Zero share trading: stocks with less than one trading unit (1 lot=100 shares), such as 1 share and 10 shares, are called zero shares When selling stocks, they can be entrusted with fractional shares; However, when buying stocks, you cannot entrust with zero shares. The minimum unit is one hand, that is, 100 shares.

Dividend distribution: the closing price of the stock on the previous day minus the dividends paid by the listed company is called dividend distribution.

Including rights: all shares with rights but not distributed are called including rights.

Ex right: Ex right refers to the elimination behavior formed by the fact that the actual value (net asset per share) of the enterprise represented by each share of stock has decreased due to the increase of the company's capital stock. This part of the factors should be removed from the stock market price after the fact occurs.

Right filling: refers to the situation that the stock price rises after the ex right and the price difference before and after the ex right is completely compensated.

Affinity: Affinity refers to a period of time after ex right and ex dividend, if most people are not optimistic about the stock and the trading market price is lower than the ex right (ex dividend) benchmark price, that is, the stock price is lower than before ex right and ex dividend.

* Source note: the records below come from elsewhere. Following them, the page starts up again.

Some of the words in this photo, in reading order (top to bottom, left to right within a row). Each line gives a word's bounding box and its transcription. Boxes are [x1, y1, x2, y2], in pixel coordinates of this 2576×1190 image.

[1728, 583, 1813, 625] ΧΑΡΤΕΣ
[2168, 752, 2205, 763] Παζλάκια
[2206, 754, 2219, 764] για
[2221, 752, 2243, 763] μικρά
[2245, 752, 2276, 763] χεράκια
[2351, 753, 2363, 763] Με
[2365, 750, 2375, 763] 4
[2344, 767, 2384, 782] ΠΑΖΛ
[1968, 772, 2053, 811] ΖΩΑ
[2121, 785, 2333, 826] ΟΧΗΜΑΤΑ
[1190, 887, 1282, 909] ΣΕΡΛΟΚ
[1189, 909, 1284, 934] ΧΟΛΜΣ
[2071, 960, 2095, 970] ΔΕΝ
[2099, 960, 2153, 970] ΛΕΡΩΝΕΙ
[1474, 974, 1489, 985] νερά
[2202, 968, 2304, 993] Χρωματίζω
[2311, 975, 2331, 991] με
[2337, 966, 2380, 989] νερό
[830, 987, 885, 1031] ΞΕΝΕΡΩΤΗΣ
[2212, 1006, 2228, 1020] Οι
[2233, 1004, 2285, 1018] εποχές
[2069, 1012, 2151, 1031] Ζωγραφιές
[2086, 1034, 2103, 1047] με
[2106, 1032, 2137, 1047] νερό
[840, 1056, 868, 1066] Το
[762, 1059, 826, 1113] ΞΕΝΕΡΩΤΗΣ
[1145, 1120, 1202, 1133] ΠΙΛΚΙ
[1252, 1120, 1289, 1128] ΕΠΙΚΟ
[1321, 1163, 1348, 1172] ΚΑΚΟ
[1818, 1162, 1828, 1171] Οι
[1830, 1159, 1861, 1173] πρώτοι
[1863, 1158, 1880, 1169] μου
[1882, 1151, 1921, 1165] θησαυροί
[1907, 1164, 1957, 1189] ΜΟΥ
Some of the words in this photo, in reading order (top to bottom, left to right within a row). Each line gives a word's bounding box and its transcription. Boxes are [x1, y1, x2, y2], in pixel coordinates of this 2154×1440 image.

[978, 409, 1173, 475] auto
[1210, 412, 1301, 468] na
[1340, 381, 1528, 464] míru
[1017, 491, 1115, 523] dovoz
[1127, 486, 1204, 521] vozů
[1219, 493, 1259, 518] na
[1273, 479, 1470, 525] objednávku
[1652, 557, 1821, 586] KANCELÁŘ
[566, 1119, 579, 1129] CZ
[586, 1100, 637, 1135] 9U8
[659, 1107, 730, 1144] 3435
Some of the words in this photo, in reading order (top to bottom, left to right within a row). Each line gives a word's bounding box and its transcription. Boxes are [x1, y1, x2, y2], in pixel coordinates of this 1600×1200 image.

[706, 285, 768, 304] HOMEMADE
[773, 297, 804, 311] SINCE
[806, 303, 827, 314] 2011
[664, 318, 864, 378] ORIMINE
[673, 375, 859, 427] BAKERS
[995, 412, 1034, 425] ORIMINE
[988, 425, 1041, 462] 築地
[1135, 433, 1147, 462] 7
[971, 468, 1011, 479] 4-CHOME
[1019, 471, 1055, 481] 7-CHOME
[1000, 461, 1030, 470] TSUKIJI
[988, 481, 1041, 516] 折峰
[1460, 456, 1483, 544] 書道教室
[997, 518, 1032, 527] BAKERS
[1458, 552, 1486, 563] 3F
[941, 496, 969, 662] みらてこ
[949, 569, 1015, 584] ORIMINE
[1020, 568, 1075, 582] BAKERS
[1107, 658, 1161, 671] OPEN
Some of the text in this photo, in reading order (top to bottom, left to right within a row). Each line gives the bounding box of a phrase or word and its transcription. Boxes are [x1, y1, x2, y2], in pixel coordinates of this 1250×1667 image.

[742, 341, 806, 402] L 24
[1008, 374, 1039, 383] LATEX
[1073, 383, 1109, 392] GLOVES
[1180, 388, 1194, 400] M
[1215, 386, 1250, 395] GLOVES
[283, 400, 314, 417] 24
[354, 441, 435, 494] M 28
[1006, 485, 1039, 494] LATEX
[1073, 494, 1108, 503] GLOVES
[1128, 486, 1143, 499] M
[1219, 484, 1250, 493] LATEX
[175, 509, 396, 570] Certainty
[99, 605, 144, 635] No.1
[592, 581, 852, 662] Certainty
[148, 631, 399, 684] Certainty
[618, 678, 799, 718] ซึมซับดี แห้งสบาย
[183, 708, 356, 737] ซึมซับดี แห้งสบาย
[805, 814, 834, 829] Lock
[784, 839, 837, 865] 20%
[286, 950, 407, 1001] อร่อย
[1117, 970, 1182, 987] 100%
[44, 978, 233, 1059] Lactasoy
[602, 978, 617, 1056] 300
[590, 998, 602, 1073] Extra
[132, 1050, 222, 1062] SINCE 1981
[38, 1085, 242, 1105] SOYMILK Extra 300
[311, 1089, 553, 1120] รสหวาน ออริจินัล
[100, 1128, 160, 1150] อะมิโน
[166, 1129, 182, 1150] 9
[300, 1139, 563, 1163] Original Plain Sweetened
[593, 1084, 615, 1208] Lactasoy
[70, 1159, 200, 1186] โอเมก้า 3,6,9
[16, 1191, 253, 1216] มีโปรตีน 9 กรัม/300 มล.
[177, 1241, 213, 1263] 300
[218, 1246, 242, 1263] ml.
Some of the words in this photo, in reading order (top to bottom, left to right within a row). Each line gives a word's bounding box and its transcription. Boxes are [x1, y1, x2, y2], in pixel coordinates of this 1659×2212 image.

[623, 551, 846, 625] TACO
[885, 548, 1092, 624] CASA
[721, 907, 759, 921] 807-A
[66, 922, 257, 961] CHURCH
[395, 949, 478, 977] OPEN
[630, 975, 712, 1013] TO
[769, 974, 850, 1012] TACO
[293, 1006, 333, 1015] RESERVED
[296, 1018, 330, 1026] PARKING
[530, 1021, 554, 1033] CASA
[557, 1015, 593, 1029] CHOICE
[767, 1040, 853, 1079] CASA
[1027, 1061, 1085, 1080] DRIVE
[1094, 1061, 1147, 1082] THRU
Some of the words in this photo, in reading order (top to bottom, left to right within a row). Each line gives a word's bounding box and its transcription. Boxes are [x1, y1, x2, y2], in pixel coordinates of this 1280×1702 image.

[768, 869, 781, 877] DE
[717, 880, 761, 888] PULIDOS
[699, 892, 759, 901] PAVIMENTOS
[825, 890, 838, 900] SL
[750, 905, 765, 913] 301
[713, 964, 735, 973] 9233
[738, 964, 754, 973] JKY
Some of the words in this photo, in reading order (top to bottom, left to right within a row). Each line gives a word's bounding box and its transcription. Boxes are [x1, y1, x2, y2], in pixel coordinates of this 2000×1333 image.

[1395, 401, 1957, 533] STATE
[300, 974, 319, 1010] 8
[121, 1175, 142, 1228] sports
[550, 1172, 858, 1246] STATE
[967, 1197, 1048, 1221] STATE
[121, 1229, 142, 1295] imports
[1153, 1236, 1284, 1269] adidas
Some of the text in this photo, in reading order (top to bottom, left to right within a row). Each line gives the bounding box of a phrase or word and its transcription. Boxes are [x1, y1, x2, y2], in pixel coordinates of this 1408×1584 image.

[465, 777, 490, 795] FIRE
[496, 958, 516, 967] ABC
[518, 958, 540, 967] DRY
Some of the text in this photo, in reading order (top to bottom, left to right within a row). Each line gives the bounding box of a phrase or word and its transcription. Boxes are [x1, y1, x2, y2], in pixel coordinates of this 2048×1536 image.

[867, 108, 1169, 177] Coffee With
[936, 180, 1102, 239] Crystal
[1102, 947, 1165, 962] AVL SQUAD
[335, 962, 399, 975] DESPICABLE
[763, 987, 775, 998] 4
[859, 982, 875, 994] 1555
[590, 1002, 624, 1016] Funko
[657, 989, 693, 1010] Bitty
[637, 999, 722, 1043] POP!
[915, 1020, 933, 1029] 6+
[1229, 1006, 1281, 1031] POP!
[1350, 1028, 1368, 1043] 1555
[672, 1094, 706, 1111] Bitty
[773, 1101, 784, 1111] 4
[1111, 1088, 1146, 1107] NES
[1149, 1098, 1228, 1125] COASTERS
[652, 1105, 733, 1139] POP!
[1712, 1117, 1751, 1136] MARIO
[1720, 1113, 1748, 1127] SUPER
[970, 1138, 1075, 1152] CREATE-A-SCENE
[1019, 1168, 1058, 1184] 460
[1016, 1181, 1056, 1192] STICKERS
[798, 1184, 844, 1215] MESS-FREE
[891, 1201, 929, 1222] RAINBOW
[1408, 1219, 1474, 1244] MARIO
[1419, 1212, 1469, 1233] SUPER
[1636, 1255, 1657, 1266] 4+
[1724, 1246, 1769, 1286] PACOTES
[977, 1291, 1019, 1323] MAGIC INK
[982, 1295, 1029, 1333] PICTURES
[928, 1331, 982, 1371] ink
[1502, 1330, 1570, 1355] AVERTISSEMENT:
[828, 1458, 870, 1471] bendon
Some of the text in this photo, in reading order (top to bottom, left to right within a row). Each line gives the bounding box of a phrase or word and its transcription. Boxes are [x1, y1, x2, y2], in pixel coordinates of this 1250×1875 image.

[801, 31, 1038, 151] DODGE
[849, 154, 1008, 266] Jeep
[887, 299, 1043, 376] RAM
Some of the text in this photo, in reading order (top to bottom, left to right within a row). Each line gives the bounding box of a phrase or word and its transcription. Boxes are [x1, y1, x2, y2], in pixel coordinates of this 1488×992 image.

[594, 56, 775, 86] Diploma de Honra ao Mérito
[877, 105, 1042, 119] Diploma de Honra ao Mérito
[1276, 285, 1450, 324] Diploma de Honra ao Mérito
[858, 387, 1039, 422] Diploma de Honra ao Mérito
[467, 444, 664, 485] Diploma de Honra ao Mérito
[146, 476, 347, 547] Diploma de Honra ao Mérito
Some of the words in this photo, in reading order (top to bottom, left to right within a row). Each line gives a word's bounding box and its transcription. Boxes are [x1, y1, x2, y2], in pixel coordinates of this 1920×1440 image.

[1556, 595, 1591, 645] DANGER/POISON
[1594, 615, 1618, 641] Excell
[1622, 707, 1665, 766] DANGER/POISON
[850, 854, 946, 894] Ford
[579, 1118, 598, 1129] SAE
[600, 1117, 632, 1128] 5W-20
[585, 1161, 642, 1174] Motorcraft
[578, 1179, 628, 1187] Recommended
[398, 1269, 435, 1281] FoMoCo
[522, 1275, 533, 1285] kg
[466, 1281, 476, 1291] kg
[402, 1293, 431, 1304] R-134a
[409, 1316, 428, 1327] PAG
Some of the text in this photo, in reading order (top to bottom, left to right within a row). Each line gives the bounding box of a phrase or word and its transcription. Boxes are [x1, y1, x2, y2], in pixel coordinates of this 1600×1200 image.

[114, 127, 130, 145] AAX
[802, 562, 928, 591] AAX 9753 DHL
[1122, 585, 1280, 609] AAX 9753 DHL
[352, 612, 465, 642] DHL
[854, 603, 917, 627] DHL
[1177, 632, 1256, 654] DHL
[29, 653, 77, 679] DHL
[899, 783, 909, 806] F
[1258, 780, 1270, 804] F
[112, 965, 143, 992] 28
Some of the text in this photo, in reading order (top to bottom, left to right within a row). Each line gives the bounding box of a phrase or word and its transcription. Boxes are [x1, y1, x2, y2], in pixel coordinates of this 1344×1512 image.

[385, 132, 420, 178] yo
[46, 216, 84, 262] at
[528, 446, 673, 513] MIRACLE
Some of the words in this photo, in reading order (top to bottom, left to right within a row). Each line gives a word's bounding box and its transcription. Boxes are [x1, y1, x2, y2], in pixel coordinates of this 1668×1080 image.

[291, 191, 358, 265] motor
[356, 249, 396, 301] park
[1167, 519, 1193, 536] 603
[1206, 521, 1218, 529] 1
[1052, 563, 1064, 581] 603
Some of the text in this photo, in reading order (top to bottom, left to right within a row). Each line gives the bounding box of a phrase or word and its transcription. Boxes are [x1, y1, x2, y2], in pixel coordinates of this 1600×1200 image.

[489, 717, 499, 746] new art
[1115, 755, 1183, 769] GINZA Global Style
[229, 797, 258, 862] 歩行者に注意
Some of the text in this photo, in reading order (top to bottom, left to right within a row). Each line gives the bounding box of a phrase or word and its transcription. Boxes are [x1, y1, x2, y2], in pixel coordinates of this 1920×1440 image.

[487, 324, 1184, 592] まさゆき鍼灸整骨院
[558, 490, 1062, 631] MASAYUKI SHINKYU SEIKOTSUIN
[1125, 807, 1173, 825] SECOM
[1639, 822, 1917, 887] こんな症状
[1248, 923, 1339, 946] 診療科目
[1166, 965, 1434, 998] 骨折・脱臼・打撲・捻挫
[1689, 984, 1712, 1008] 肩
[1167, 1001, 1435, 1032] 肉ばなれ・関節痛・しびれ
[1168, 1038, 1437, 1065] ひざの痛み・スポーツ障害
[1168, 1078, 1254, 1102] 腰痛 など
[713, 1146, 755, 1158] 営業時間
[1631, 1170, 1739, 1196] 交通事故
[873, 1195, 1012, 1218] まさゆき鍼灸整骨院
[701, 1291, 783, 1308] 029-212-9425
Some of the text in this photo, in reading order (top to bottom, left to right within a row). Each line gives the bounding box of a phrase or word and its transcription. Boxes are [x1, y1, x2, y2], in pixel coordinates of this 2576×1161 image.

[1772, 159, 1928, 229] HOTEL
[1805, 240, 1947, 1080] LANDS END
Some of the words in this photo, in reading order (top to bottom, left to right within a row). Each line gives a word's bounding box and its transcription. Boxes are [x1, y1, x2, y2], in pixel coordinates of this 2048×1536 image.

XR: XR is written on the front of the securities name, indicating that the shares have been ex dividend, and will no longer enjoy the right to dividends after purchasing such shares. When the word XR appears in front of the stock name, it indicates that the day is the ex dividend day of the stock.

Ex dividend: Ex dividend: The actual value (net asset per share) of the enterprise represented by each share of stock has decreased due to dividend distribution by the shareholders of the company. After this fact, it is necessary to remove these factors from the stock market price.

DR: The securities code is marked with DR, which means ex right and ex dividend. Buying such stocks will no longer enjoy the right to share dividends.

XD: XD is marked on the front of the securities code, indicating ex dividend of the stock. After purchasing such stocks, they will no longer have the right to pay dividends.

Allotment: Allotment is the act of listed companies to further issue new shares and raise funds to the original shareholders according to the needs of the company's development and in accordance with relevant regulations and procedures.

Dividend distribution: Dividend distribution is the return on investment of listed companies to shareholders; Allotment is a behavior that listed companies issue new shares to original shareholders to further raise funds according to the needs of the company's development and relevant regulations and procedures.

Bonus shares: Bonus shares are used by listed companies to retain the profits of this year in the company and issue shares as dividends, so as to convert the profits into capital stock.

Converting into capital stock: Converting into capital stock means that the company converts capital reserve into capital stock. Converting into capital stock does not change shareholders' rights and interests, but increases the scale of capital stock, so the objective result is similar to that of bonus shares.